Наше бомбоубежище сотрясалось от сотен снарядов и бомб, мест для постоянно поступавших раненых давно уже не хватало, многих, к огромному сожалению, приходилось оставить снаружи. Когда мы (я и несколько ответственных товарищей) получили наконец возможность пробраться на аэродром, нам открылось жуткое зрелище. Черневшие среди вспышек разрывов остовы грузовиков и самолетов, множество разбросанных повсюду мертвецов, валявшееся в беспорядке военное имущество, непонятные гражданские лица и напиравшая на транспортный «Дуглас» толпа красноармейцев в измазанных сажей бинтах, нередко без гимнастерок. Их призывали к порядку, стреляли в воздух, требовали сознательности, дисциплины, а они позволяли себе такие высказывания, каких я не только вслух, но и про себя не осмелился бы повторить – и вовсе не от страха, но чтобы не оскорбить великого дела революции и нашего любимого вождя. У случайно оказавшегося там, на аэродроме, человека могло бы сложиться неверное впечатление, что героические усилия двадцатых – тридцатых годов утратили всякий смысл, что старания по освобождению от непригодного человеческого материала пошли насмарку, не оставив ничего, кроме бессмысленной и беспочвенной ненависти малокультурных людей к социалистическому государству и Всесоюзной Коммунистической партии. Но, разумеется, это не так, в чем я успел убедиться за дни, проведенные мной на Кавказе. Тут бы никто не посмел обозвать командиров, политработников и ветеранов партии мужеложцами. Да еще в такой грубой, отвратительной, уничижительной форме. «А вы куда намылились…» Туда, где мы были нужнее.

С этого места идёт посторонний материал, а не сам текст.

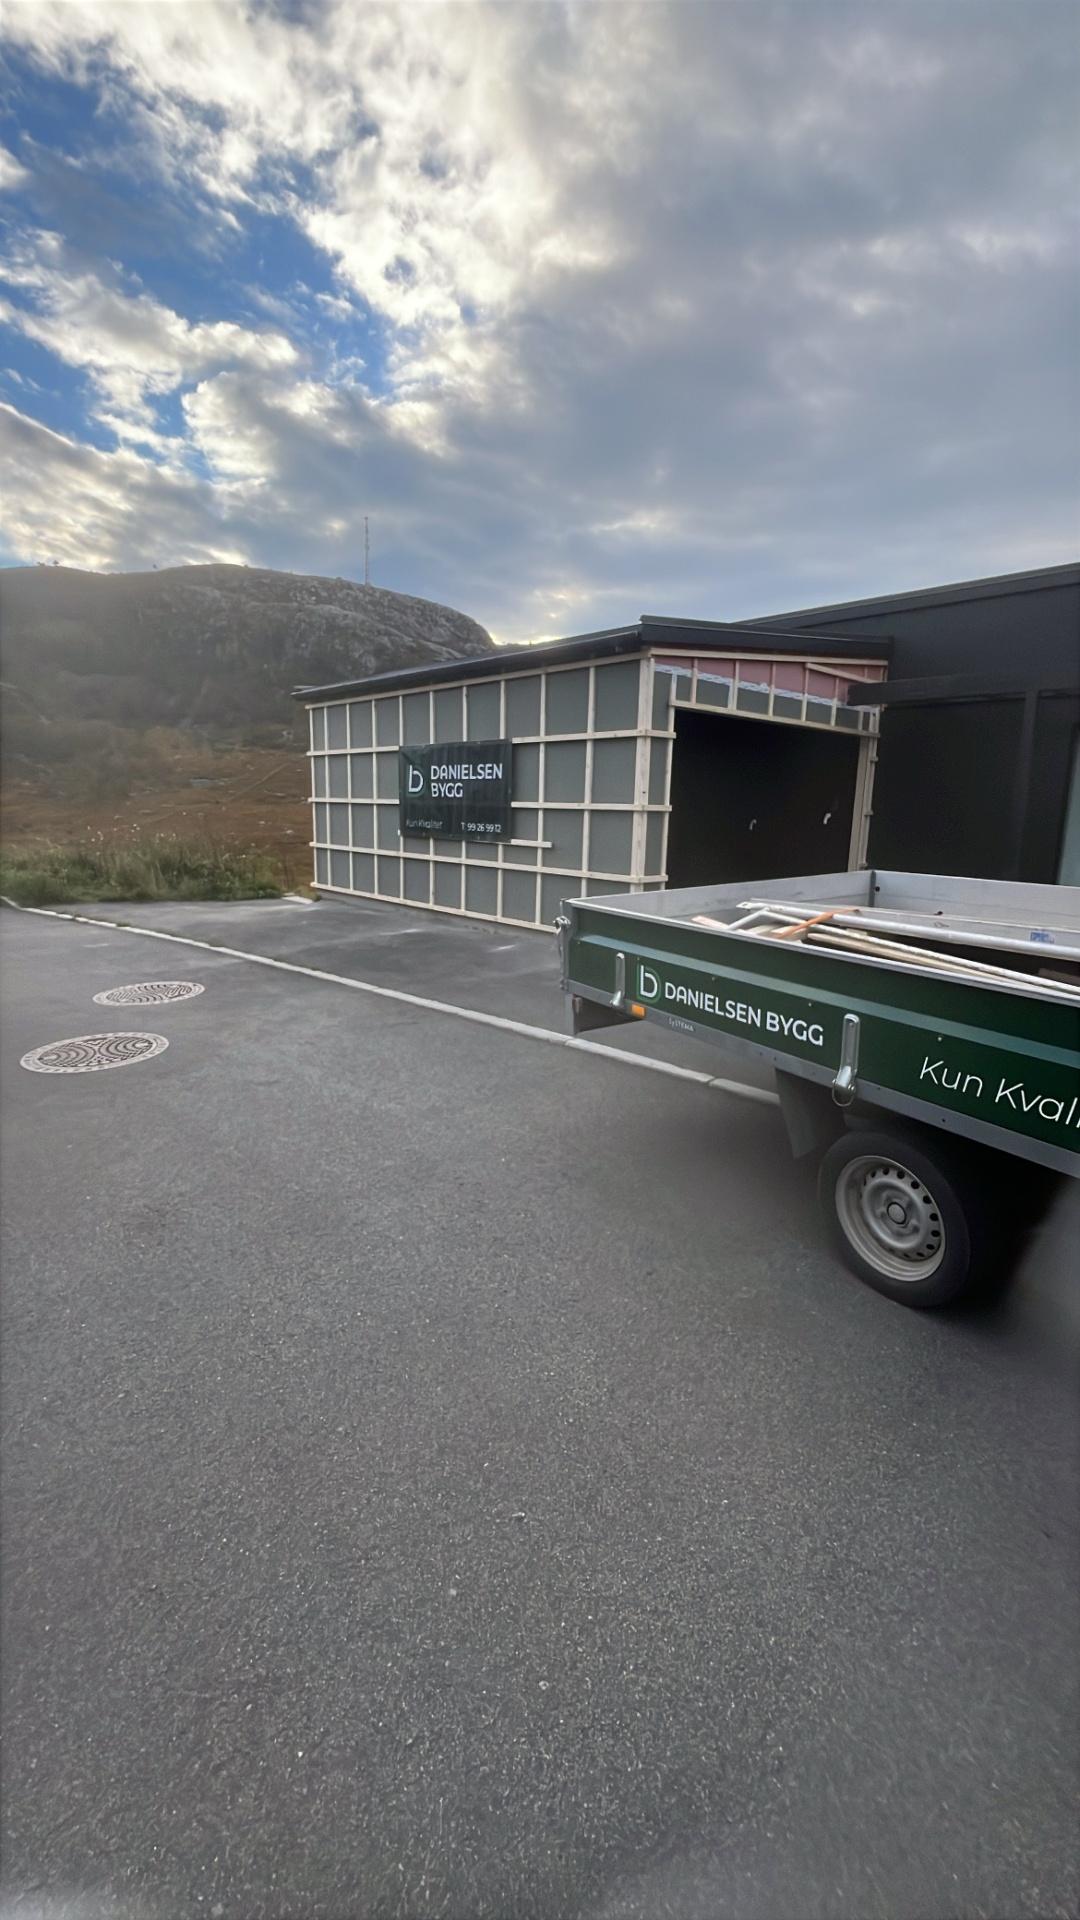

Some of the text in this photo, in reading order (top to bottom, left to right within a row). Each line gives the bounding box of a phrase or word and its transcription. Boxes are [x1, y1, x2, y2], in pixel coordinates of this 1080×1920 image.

[430, 763, 503, 780] DANIELSEN
[431, 782, 464, 798] BYGG
[460, 821, 502, 833] T 99 26 99 12
[664, 982, 761, 1028] DANIELSEN
[766, 1011, 824, 1047] BYGG
[919, 1056, 984, 1098] Kun
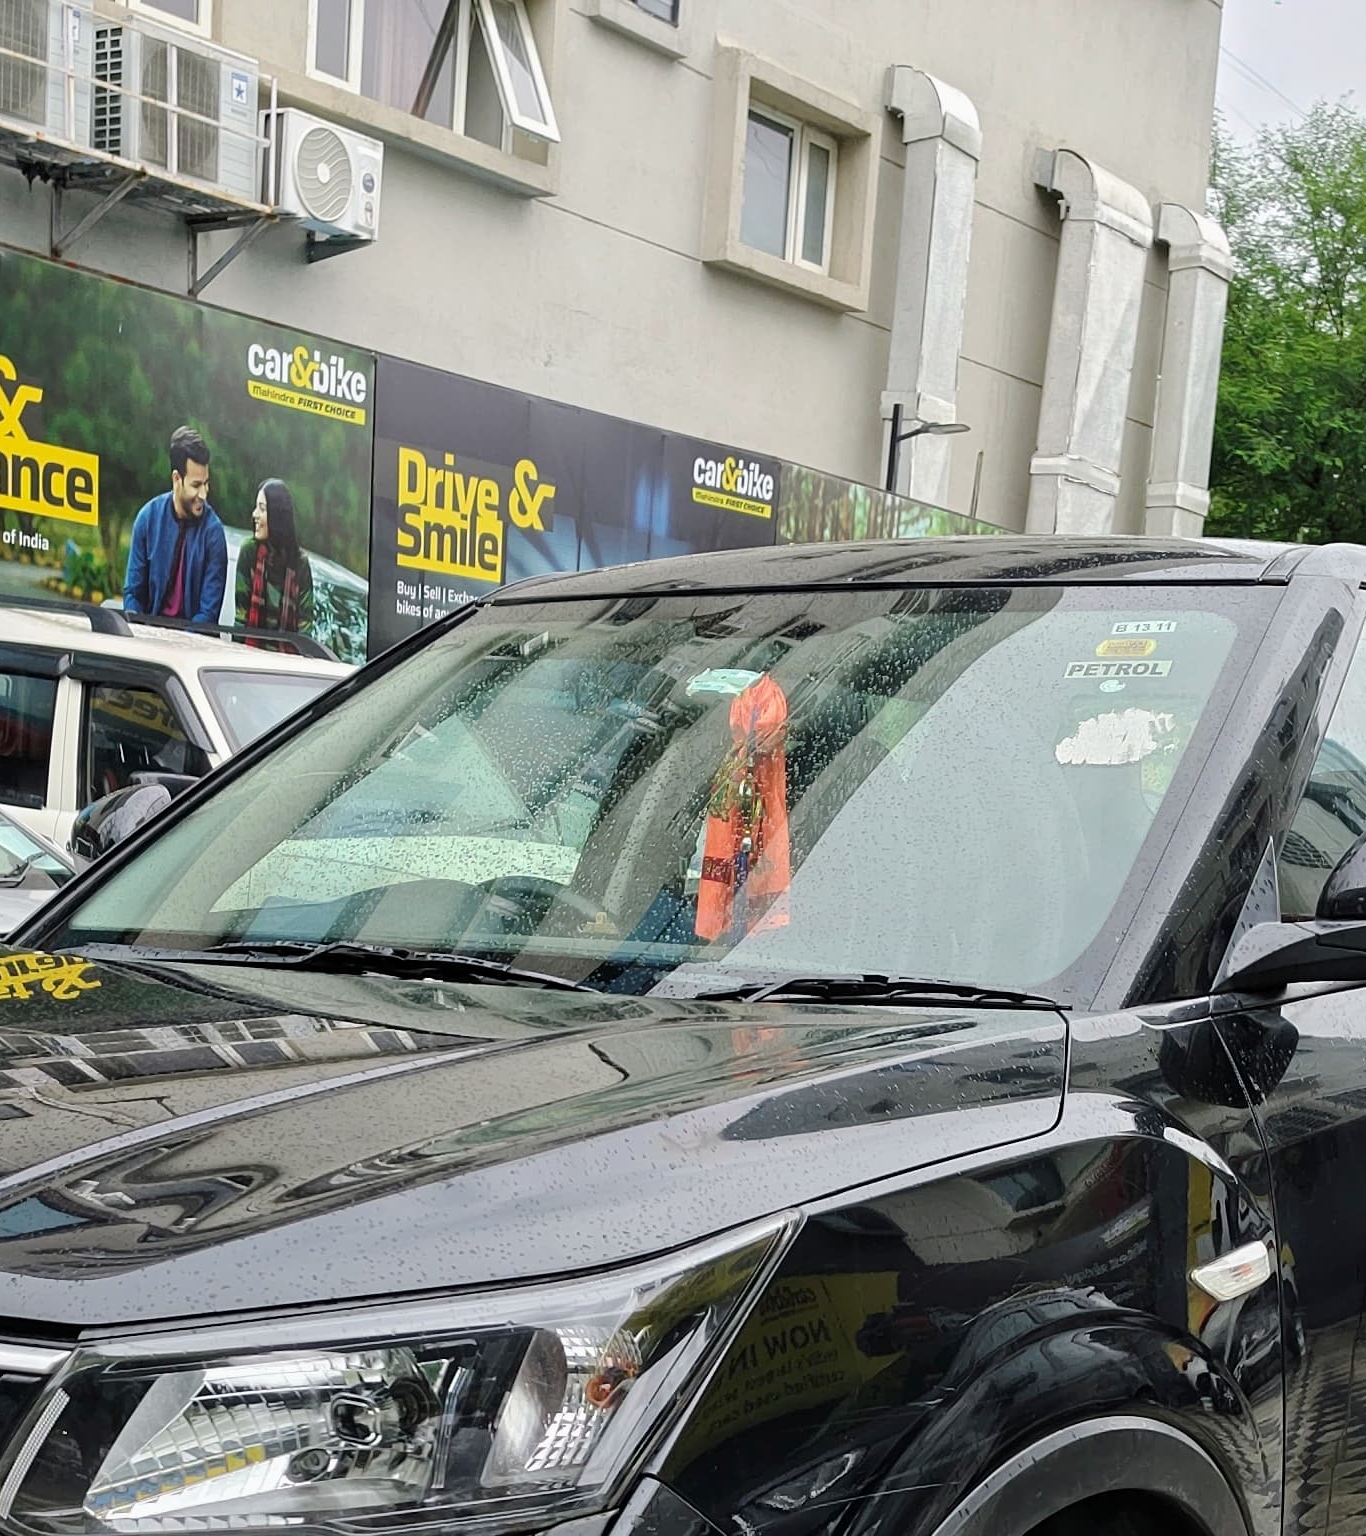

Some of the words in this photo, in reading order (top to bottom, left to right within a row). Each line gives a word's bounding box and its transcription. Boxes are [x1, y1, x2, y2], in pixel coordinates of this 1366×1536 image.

[247, 343, 367, 403] car&bike
[297, 397, 324, 412] FIRST
[324, 404, 357, 420] CHOICE
[398, 446, 500, 518] Drive
[508, 458, 557, 532] &
[693, 456, 774, 501] car&bike
[2, 529, 17, 545] of
[18, 530, 49, 551] India
[397, 503, 499, 572] Smile
[396, 580, 417, 601] Buy
[423, 584, 441, 603] Sell
[447, 589, 482, 605] Excha
[396, 599, 421, 618] bikes
[422, 603, 434, 620] of
[1066, 662, 1165, 677] PETROL
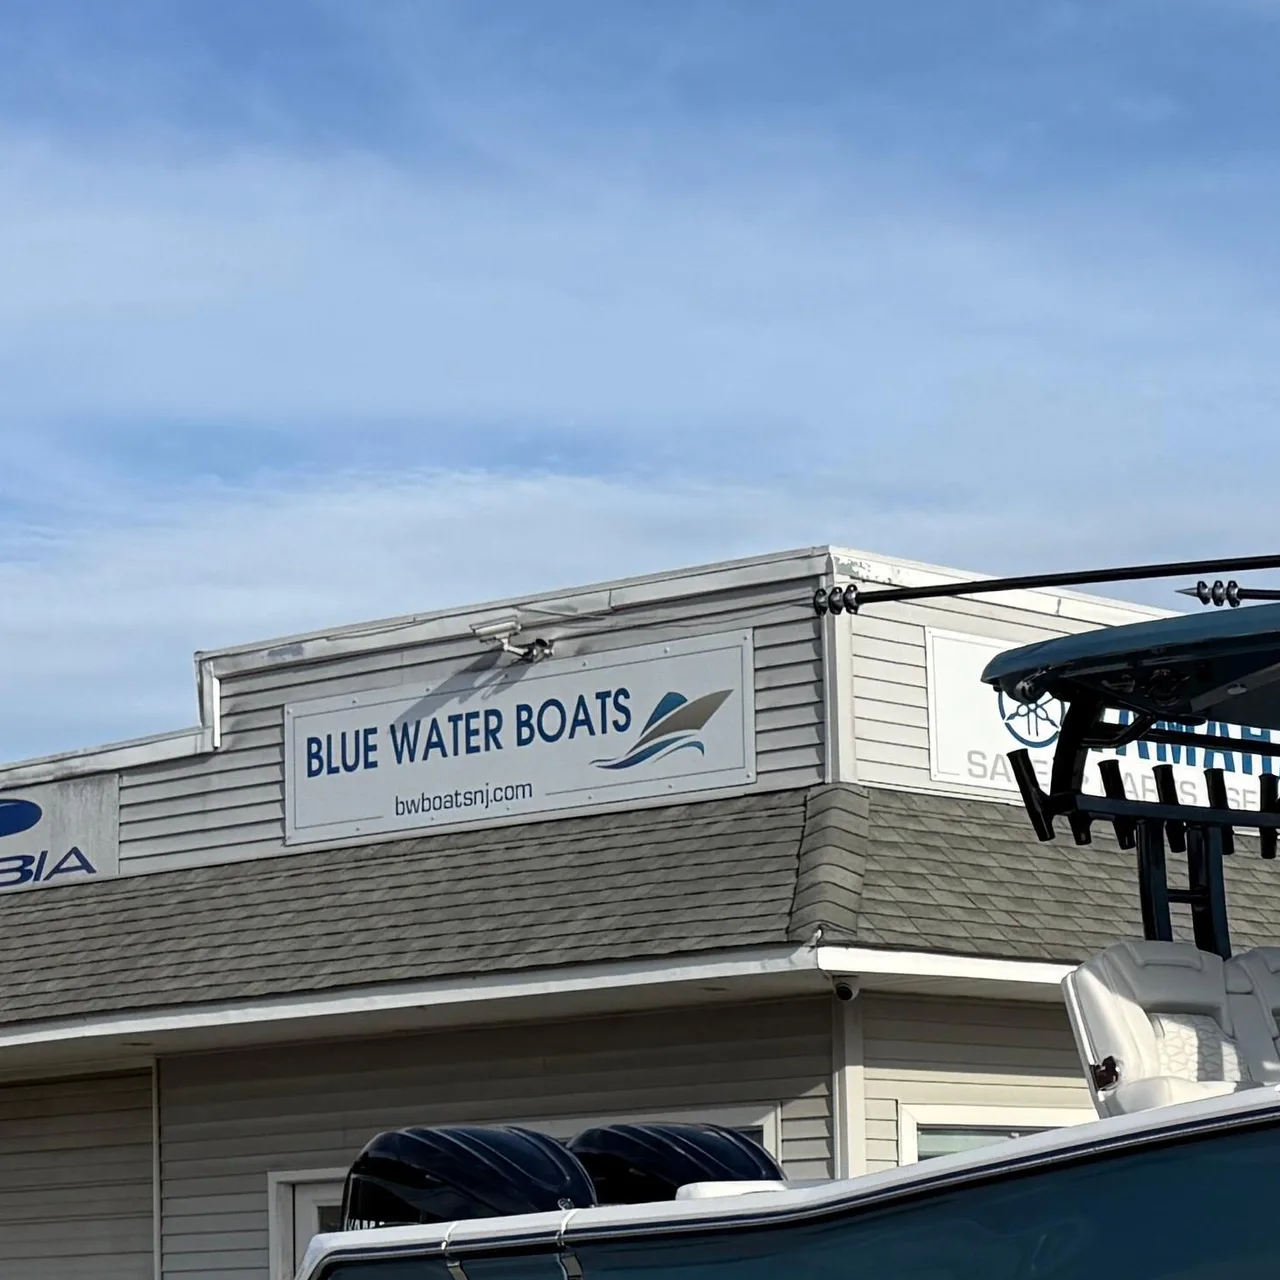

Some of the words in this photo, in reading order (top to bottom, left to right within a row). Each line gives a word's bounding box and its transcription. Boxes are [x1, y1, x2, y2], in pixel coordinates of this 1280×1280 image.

[306, 726, 379, 779] BLUE
[388, 708, 504, 766] WATER
[516, 687, 632, 748] BOATS
[395, 781, 533, 816] bwboatsnj.com
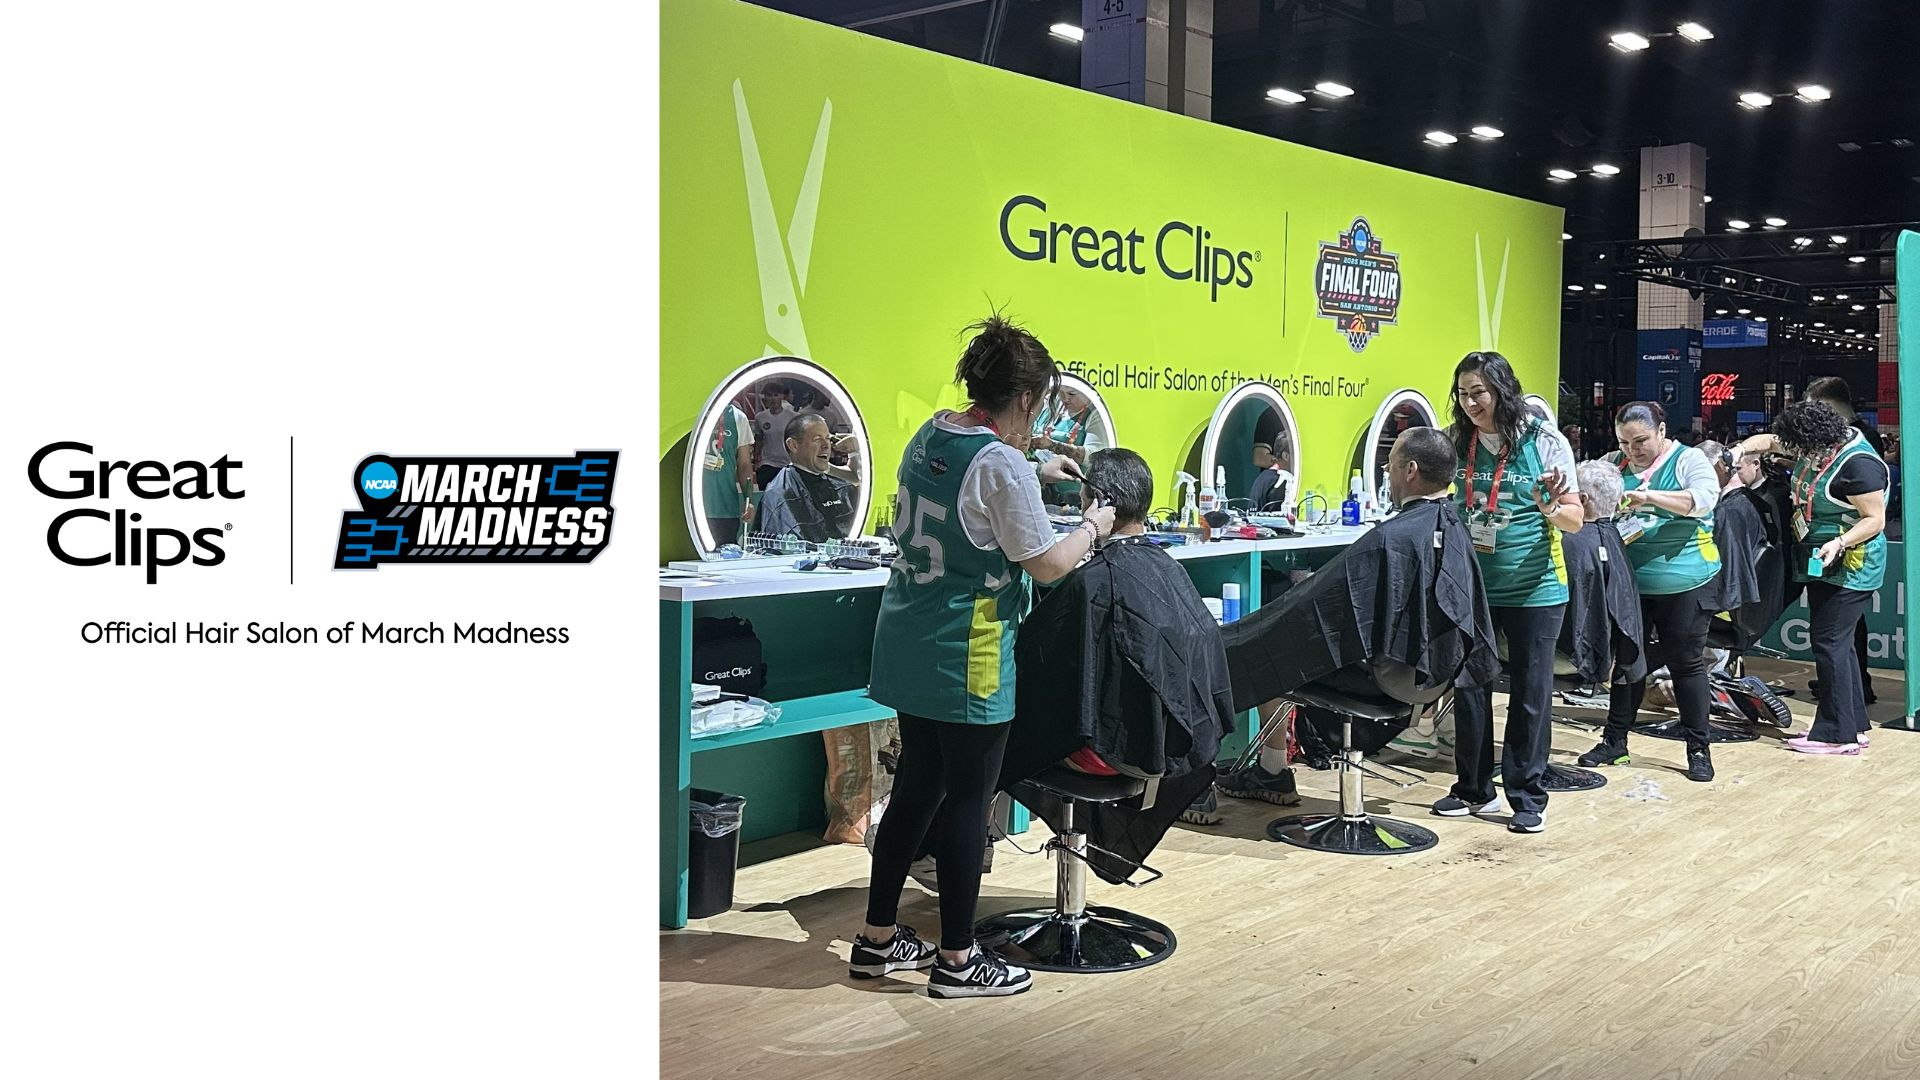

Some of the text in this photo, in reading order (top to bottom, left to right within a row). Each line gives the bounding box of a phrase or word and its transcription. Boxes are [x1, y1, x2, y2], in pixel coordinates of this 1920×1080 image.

[999, 195, 1254, 302] Great Clips
[1320, 262, 1399, 300] FINAL FOUR
[1703, 326, 1738, 336] ERADE
[1124, 364, 1160, 389] Hair
[1163, 367, 1207, 391] Salon
[1211, 369, 1228, 392] of
[1230, 370, 1254, 389] th
[1303, 375, 1334, 396] Final
[1337, 376, 1366, 398] Four
[1456, 468, 1494, 481] Geat
[1780, 618, 1905, 660] Gat
[704, 667, 752, 681] Great Clips

Улететь не получилось. Несмотря на пропуск. «Дугласы» оказались переполнены ранеными бойцами и летно-техническим составом аэродрома. Мы снова чего-то ждали. «И хорошо, что не улетели, старший политрук, – сказал мне один майор. – Ранение у вас не смертельное, толковые люди нужны позарез. Передохнете, оклемаетесь, вернетесь к своим бойцам». Я сделал вид, что согласился, но понимал его неправоту. Мы пробрались назад, в Казачью бухту.
Прошел еще один кошмарный день. Фашисты рвались к Инкерману и продолжали обстрел побережья. Ночью прибыли тральщики из Новороссийска, с боезапасом, продовольствием и пополнением. Маршевики сбегали по трапам, почерневшие матросы волокли тюки и ящики, им помогали с берега. Падавшие в бухту снаряды поднимали фонтаны воды. Из нашей группы на борт приняли не всех, в первую очередь поднимали тяжелораненых, однако моя бумага произвела впечатление на старшего лейтенанта – командира тральщика. К тому же было видно, что я на самом деле ранен. «Валяй, политрук, на бак, да только под ногами не путайся».
Разгрузка прошла стремительно, и тральщики вышли в море. Вечером мы прибыли в Новороссийск. Без потерь, в отличие от шедшего накануне лидера эсминцев «Ташкент», который, как мне рассказали, на протяжении трех часов подвергался атакам «Юнкерсов», утратил управление и чуть не затонул.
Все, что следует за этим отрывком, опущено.